The Victorians became dedicated to historical principles, so for example the Oxford English Dictionary had to be more than lists of words with definitions pulled from a file in one's head. Usage through time, shifts in meaning, spelling and sense were collected to provide the reader with the subtle historical description of each word. This required scholarship. Anyone of mature years could send in words, but only a committee of experts could discern how to select and edit the material.
This principle of expertise was also at work with Britannica, but is not so with Wikipedia. The fevered opinions of a new convert to a subject can displace the erudite judgements of an immortel of the Academy, with one clatter of the keyboard.
This is why encyclopedia is merely a term of convenience when describing Wikipedia. It is really an international collective of every kind of fact, and non-fact.
What is truly amazing is the sheer scale, even excess, of information. If everything on Wikipedia were reprinted in heavy leather volumes like the 9th Britannica it would fill a library of Borgesian proportions. Jorge Luis Borges, the great Argentinian poet and blind librarian, once confessed that 'I have always imagined that Paradise will be a kind of library,' but one wonders if this what he had in mind. He would not have been impressed by the volumes full of stubs.
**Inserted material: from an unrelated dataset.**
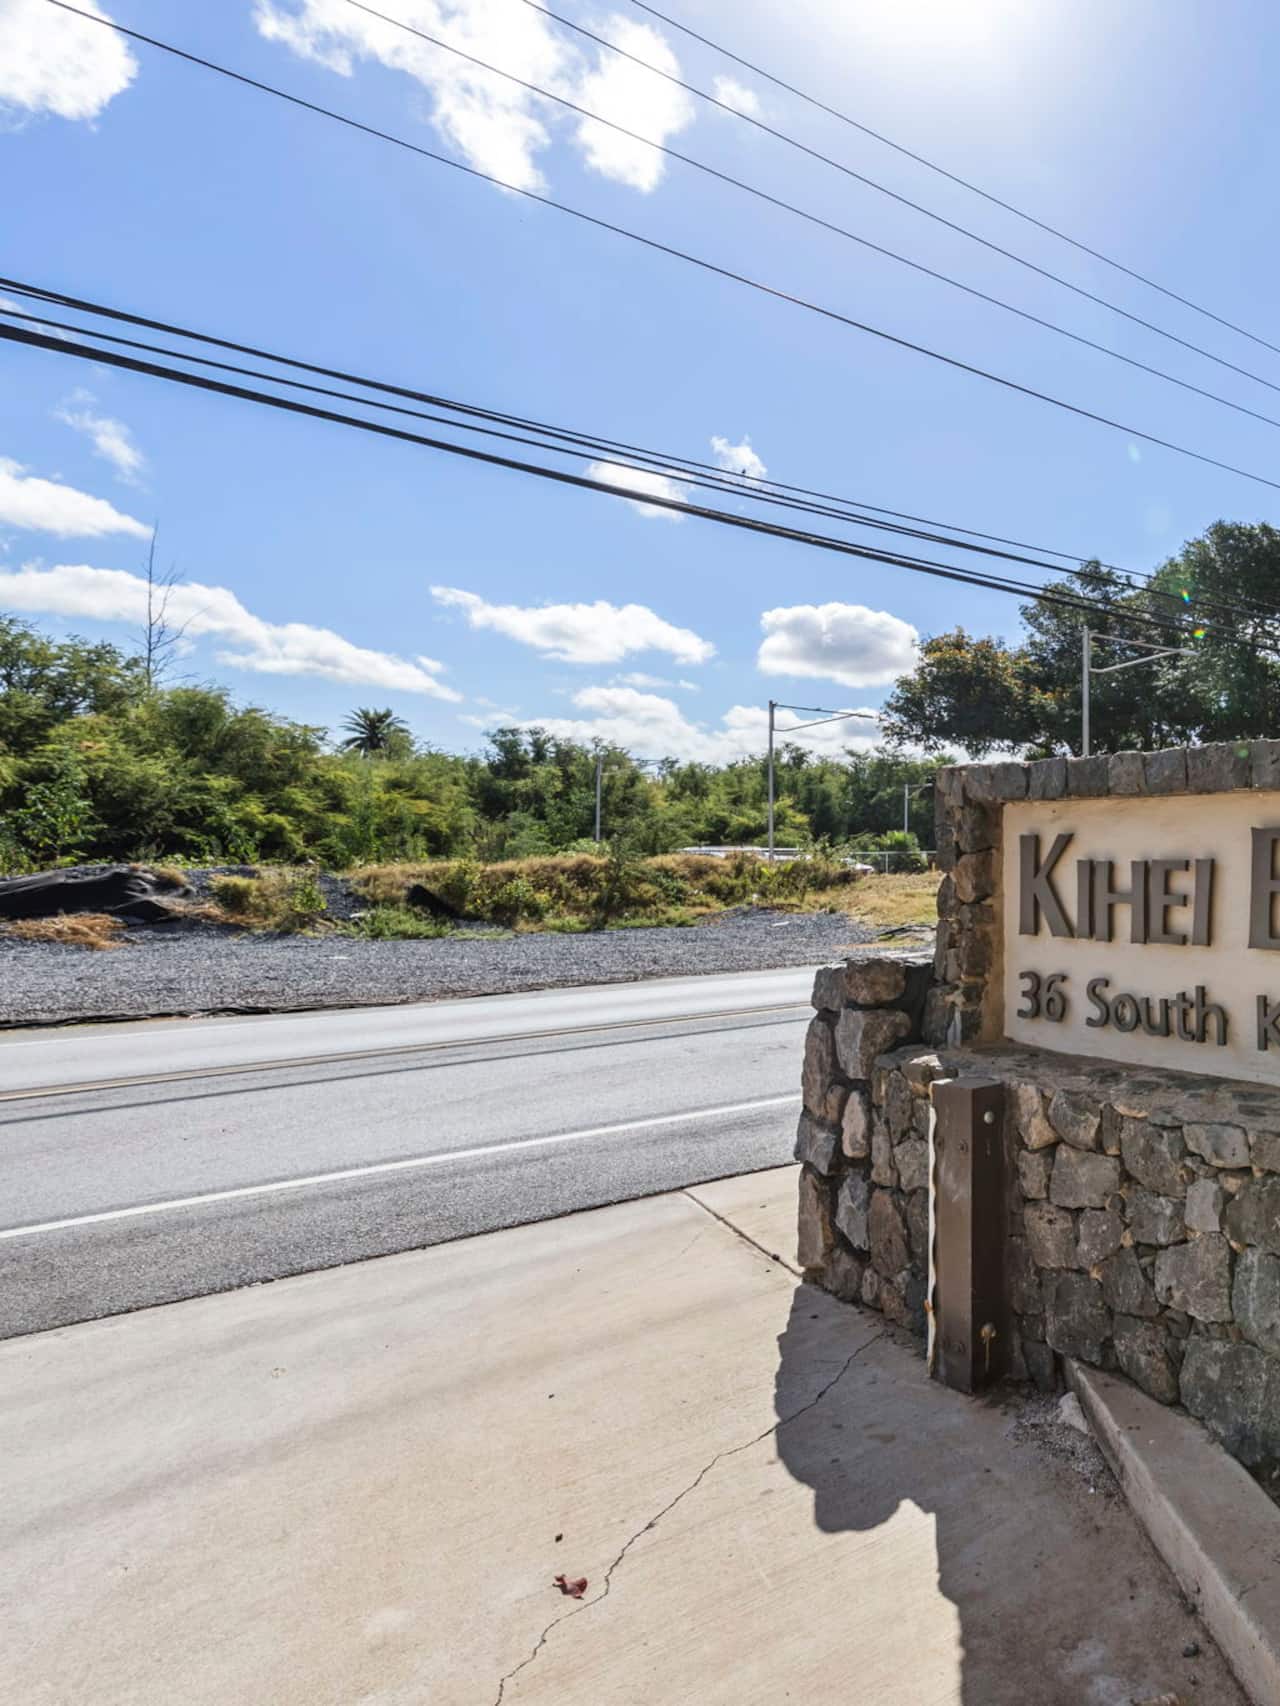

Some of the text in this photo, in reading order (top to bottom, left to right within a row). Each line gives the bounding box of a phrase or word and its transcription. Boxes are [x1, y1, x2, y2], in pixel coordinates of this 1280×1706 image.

[1018, 832, 1215, 946] KIHEI
[1016, 970, 1068, 1022] 36
[1086, 977, 1228, 1046] South
For me, Wikipedia is astounding as a reference work for where it leads you next. The availability of links to other places online is awesome and serves as a reminder that much of the best information about a subject is not on Wikipedia, but the sites that its pages send you to via those myriad of little blue letters on the pages, especially the ones at the end listed under External Links. Often now, that's the first place I go when searching for the best in-depth and reliable knowledge on the subject.
Is online really the source of all knowledge? Actually, no. I would advise that the specialist reference works in your library supply a massive amount of information that is not online and never will be. Even if it is online, you find it quicker by going to the book than surfing till sundown on the net, pleasurable as that may be to some mousers.
And it is well to remember why the ninth Britannica is in stack: information dates. There is nothing new under the sun, which is why we must treat Wikipedia's currency with the same caution we would for any purported fund of completest knowledge.
Philip Harvey is Eureka Street's poetry editor and head of the Carmelite Library of Spirituality in Middle Park, Victoria.